Department of Ecology and Evolutionary Biology, University of Connecticut, Storrs, CT, USA.
Ann Bot. 2018 Mar 5;121(3):549-560. doi: 10.1093/aob/mcx171.
Much of morphological evolution in flowers has arisen from pollinator-mediated selection, often manifest as a match between the length of the pollinator's proboscis and the depth of tubular corollas or spurs. We investigate development, growth and homology of the unique nectar tube of Pelargonium, frequently described as 'a spur adnate to the pedicel'.

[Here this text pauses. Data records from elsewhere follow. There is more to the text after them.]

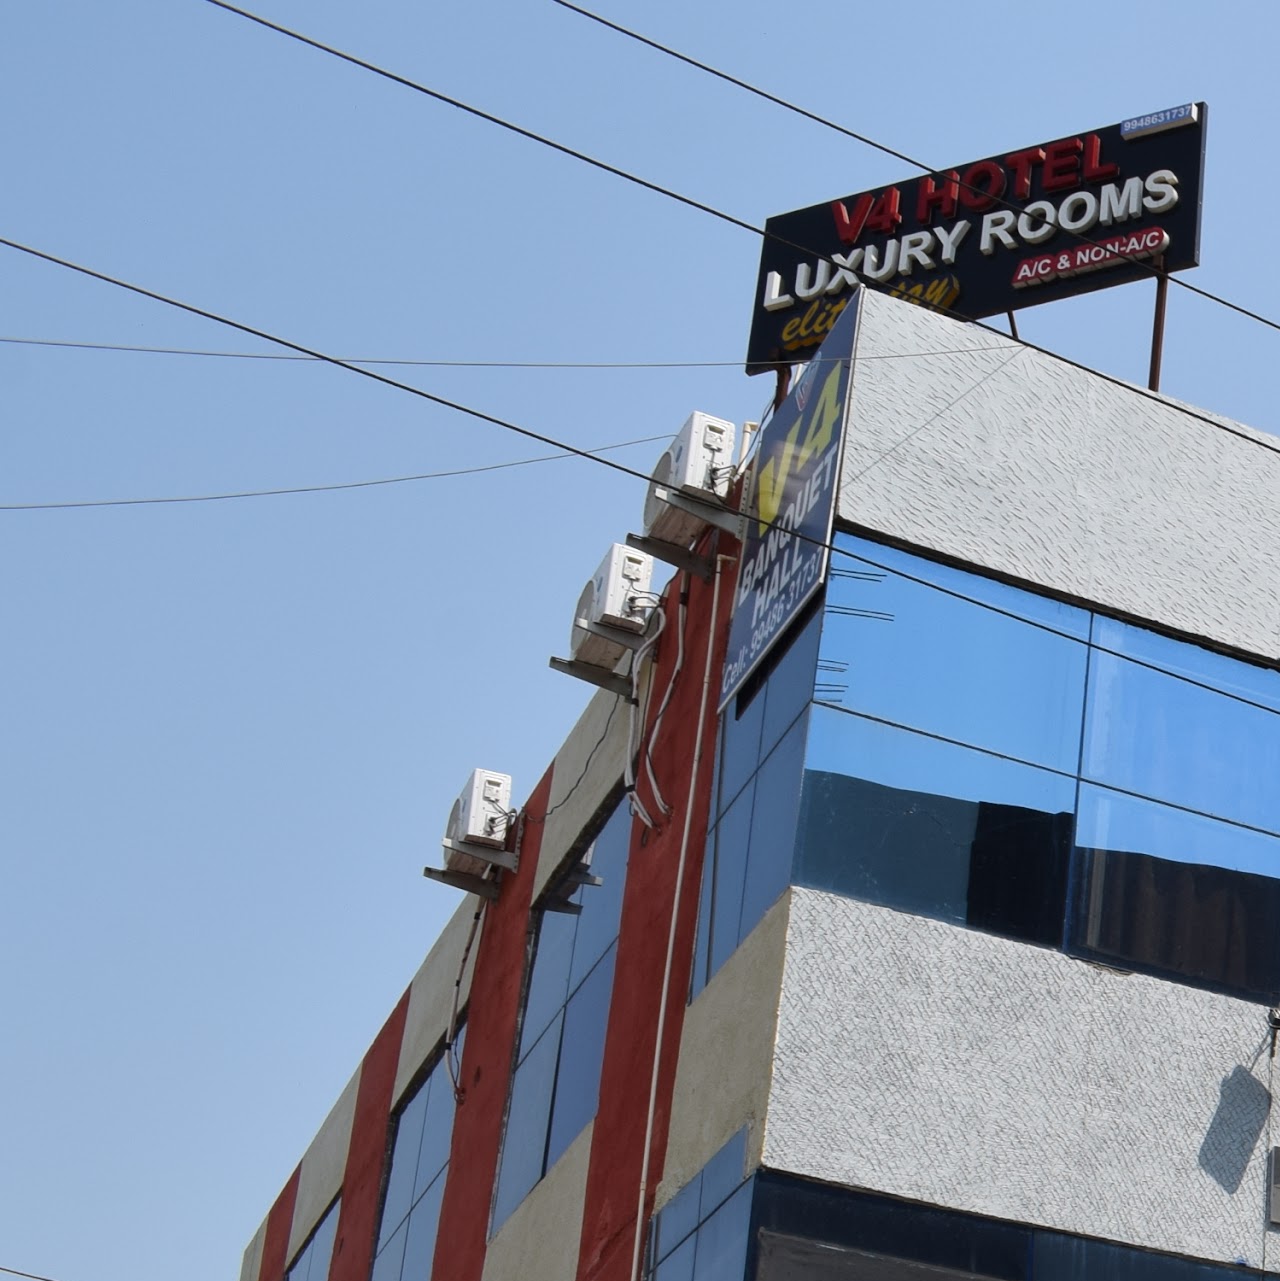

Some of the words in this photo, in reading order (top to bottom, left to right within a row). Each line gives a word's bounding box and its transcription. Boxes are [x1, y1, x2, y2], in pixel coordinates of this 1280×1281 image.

[1124, 105, 1191, 131] 9948631737
[763, 219, 971, 311] LUXURY
[980, 169, 1181, 256] ROOMS
[833, 186, 902, 245] V4
[916, 134, 1120, 224] HOTEL
[1017, 259, 1051, 280] A/C
[1057, 254, 1070, 270] &
[1076, 231, 1160, 266] NON-A/C
[782, 298, 847, 342] elit
[759, 360, 842, 539] V4
[739, 442, 838, 606] BANQUET
[751, 533, 803, 629] HALL

We focused on two species. The nectar tube of P. ionidiflorum is three times longer than that of P. odoratissimum. Light and scanning electron microscopy were carried out, and daily growth measurements were used to compare nectar tube development and vascular patterns.

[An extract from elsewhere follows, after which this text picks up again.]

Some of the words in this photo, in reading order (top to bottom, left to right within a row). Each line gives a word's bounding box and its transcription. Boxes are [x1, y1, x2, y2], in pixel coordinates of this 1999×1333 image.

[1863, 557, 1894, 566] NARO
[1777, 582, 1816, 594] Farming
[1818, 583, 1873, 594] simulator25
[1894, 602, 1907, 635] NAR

Nectar tubes in both species are initiated centripetally to the dorsal sepal in a space created by lateral displacement of two antepetalous stamens. The cavity deepens through subsequent intercalary growth of the receptacle that proceeds at the same rate in both species until tubes reach approx. 10 mm in length. Differences in final nectar tube lengths arise via an increase in the rate and duration of growth of the receptacle that begins just before anthesis (floral opening) and continues for several days past anthesis in P. ionidiflorum but does not occur in P. odoratissimum. Epidermal cells of the dorsal surface of the nectar tube in P. ionidiflorum are approx. 1.6 times longer than those in P. odoratissimum. Histological sections show no evidence that the nectar tube is a spur that became evolutionarily fused to the pedicel.
Nectar tubes in Pelargonium are localized cavities that form in the receptacle via intercalary growth. Differences in the rate and duration of growth just prior to and following anthesis underlie differences in final tube lengths. Because differences in cell lengths do not fully account for differences in nectar tube lengths, evolutionary diversification must involve changes in both cell cycle and cell expansion.
花部形态的进化在很大程度上是由传粉者介导的选择引起的,通常表现为传粉者的喙长与管状花冠或距的深度之间的匹配。我们研究了天竺葵属特有的蜜腺管的发育、生长和同源性,该蜜腺管常被描述为“附生于花梗的距”。
我们专注于两个物种。香叶天竺葵的蜜腺管比香叶天竺葵长三倍。进行了光镜和扫描电子显微镜观察,并进行了每日生长测量,以比较蜜腺管的发育和脉管模式。
在两个物种中,蜜腺管都是从背萼的向心方向开始发育的,在两个侧生雄蕊侧向位移形成的空间中。随着受体的居间生长,腔加深,两个物种的生长速度相同,直到管长达到约 10 毫米。最终蜜腺管长度的差异是通过增加受体的生长速度和持续时间产生的,这种生长在开花(花开放)前开始,并在香叶天竺葵中持续数天,但在香叶天竺葵中不会发生。香叶天竺葵蜜腺管背表面的表皮细胞比香叶天竺葵长约 1.6 倍。组织切片显示没有证据表明蜜腺管是一个距,它在进化上与花梗融合在一起。
天竺葵的蜜腺管是通过居间生长在受体中形成的局部腔。在开花前后的生长速度和持续时间的差异是最终管长差异的基础。由于细胞长度的差异不能完全解释蜜腺管长度的差异,进化多样化必须涉及细胞周期和细胞扩张的变化。